One year ago, in response to the tragic loss of life when the Rana Plaza complex collapsed, the EU took action through a Sustainability Compact to promote better labour rights and more responsible supply chain management in garment manufacturing in Bangladesh. A report published by the Commission today reviews progress made and outlines steps that still need to be taken. It will be used as a basis for discussions in a follow-up stocktaking exercise in Brussels, to which key stakeholders will be invited.
European Commissioner for Trade Karel De Gucht and Commissioner for Employment, Social Affairs and Inclusion László Andor issued the following joint statement: "We welcome the serious commitment to deliver marked progress today. We commend those foreign retailers who did stay engaged in Bangladesh. As a matter of priority, we also urge the government of Bangladesh to complete the labour law reform, training and recruitment of inspectors and to create the conditions for meaningful freedom of association. Better labour conditions will support sustainable trade links with many markets, especially the European Union".
The Rana Plaza disaster had to be a turning point for safety and labour issues in Bangladesh. As stressed in the immediate aftermath of the incident in a joint statement by High Representative/Vice-President Catherine Ashton and Commissioner De Gucht, the EU's trade relations with Bangladesh and the importance of the ready-made garment (RMG) industry to the country's development gave the EU – as Bangladesh's largest export market of RMGs – a special responsibility to act.

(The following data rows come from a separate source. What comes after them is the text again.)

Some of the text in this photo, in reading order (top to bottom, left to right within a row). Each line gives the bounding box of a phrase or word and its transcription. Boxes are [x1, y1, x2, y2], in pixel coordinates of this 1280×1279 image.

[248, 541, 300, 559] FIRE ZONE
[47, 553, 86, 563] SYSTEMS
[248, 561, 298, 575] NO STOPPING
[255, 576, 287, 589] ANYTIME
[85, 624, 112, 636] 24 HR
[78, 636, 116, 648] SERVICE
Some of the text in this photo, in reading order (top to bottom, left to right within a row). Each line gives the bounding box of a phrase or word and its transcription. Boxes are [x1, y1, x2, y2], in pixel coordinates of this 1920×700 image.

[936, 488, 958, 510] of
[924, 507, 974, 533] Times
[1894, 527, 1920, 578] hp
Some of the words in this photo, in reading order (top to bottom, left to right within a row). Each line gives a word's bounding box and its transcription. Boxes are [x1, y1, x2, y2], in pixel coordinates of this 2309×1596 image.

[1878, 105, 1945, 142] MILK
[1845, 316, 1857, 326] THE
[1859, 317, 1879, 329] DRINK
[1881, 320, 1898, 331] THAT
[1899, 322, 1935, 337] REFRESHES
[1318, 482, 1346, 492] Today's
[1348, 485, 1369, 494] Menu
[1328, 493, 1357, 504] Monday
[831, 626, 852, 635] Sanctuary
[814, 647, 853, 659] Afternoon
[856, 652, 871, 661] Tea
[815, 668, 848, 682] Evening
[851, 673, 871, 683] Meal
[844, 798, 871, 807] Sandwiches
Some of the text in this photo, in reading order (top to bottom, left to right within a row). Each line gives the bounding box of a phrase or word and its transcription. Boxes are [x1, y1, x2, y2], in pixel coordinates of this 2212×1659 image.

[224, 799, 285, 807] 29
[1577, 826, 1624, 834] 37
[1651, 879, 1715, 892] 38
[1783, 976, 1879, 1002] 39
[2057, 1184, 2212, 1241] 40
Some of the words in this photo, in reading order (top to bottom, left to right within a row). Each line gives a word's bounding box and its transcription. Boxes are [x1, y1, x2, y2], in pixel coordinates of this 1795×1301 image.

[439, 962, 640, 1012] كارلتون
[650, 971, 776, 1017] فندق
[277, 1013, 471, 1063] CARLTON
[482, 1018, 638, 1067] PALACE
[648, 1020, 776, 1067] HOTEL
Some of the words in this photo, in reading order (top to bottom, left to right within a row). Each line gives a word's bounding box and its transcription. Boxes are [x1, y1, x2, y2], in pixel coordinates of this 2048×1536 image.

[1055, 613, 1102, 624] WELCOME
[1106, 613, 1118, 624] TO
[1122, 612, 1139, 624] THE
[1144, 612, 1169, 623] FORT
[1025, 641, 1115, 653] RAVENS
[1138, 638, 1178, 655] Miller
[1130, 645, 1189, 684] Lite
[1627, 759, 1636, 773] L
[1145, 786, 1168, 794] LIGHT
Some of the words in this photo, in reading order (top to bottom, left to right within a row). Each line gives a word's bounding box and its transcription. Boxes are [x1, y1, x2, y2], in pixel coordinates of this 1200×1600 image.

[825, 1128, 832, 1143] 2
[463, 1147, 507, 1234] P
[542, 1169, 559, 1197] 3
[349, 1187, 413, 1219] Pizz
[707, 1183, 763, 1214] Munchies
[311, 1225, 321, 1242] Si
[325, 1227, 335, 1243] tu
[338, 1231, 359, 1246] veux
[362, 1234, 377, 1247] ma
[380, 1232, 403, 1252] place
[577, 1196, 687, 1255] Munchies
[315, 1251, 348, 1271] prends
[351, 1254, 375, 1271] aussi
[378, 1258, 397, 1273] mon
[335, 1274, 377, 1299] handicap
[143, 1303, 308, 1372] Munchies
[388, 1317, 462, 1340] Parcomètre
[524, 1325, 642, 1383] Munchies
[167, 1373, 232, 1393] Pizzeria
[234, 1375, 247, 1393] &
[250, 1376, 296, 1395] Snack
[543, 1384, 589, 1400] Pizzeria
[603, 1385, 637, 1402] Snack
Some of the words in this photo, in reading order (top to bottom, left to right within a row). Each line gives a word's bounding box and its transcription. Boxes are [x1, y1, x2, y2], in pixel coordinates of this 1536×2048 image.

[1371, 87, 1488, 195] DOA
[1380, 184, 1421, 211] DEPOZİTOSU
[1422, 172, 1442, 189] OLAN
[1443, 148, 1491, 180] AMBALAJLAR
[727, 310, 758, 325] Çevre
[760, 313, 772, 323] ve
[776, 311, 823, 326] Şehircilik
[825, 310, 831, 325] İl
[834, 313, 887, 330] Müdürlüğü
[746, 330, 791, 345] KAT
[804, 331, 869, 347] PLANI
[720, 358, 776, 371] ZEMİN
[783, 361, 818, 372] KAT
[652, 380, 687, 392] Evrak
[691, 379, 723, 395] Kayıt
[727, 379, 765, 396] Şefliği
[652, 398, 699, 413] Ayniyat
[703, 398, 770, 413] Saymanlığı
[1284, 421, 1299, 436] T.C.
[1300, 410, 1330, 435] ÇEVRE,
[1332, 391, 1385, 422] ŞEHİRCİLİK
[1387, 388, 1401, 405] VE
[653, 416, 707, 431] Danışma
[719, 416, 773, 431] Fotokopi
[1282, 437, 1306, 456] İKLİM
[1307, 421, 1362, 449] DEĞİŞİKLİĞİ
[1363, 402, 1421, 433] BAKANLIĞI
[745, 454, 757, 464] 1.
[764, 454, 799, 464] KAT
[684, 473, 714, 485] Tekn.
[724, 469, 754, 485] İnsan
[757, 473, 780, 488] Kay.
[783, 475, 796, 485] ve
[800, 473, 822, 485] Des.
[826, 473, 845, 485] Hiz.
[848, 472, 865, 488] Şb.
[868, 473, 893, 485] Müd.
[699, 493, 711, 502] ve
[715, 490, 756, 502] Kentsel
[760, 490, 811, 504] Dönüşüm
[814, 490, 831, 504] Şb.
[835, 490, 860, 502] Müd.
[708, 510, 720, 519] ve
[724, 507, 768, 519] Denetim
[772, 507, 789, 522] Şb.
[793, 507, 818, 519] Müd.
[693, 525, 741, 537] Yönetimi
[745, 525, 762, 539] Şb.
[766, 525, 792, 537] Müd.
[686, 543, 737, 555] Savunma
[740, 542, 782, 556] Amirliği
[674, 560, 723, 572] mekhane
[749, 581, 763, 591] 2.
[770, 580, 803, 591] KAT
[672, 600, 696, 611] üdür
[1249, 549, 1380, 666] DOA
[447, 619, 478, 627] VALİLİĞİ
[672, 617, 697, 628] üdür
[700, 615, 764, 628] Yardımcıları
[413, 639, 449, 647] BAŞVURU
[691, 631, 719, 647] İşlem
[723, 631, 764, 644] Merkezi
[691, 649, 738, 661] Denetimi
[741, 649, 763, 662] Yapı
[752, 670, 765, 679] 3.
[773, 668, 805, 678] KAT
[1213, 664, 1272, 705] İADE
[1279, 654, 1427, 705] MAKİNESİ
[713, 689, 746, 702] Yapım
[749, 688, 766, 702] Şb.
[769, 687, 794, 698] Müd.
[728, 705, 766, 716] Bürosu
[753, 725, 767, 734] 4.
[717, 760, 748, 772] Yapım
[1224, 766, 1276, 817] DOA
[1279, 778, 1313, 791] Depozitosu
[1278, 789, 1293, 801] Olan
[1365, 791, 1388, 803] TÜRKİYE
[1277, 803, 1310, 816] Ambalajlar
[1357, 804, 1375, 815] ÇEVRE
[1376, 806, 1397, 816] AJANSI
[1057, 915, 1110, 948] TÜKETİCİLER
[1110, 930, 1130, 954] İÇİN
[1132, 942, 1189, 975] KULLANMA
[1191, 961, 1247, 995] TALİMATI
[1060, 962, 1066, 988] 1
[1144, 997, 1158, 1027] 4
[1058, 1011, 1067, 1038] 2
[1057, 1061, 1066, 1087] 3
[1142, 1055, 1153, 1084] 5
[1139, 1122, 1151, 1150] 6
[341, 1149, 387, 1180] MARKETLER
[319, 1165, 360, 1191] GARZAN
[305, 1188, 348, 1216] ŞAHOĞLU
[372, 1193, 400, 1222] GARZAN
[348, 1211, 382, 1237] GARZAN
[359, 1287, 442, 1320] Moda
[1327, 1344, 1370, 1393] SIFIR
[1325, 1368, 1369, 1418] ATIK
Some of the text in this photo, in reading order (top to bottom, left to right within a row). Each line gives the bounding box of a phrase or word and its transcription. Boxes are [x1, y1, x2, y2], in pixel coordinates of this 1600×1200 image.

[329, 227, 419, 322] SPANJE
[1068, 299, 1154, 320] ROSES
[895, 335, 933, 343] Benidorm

This is why the EU, together with the authorities of Bangladesh, the United States and the International Labour Organisation (ILO), launched the Sustainability Compact one year ago.
The Sustainability Compact seeks to improve labour, health and safety conditions for workers, as well as to encourage responsible behaviour by businesses in the ready-made garment industry in the South Asian country.
It lists short and longer-term commitments to improve labour rights and in particular freedom of association.
Since then, Bangladesh has made much progress. The labour law has been amended to strengthen freedom of association and collective bargaining and occupational safety and health. Many new trade unions have been established and more workers are aware of their rights and are seeking to assert them. In addition, there are now common standards for factory inspections. The inspections are on-going, more inspectors are being recruited and their findings are being made publicly available. Bangladesh also qualified for the Better Work Programme.
The private sector mobilised a strong response to the tragedy: in particular the Accord on Factory and Building Safety in Bangladesh and the Alliance for Bangladesh Worker Safety. They are now fully operational and play a key role in factory inspections and improvement of working conditions.
Further work is urgently required in line with Compact commitments. Additional inspectors need to be trained, recruited and be able to work. Bangladesh's ability to ensure safety and health at work as well as freedom of association and collective bargaining must continue to improve. Implementing regulations need to be adopted swiftly and further amendments to the legislation are necessary in line with ILO recommendations. New legislation must be implemented effectively. Bangladeshi industry also should keep to its commitments. Working conditions must improve in practice and workers must be free to organise and exercise their right to collective bargaining without fear of anti-union discrimination, harassment, intimidation or harm.
An additional cause for concern are recent refusals to register trade unions, attempts to limit their freedom of expression and the lack of measures taken to address intimidation and violence against workers. The situation needs to be redressed so as to ensure sustainable improvements in labour conditions in Bangladesh.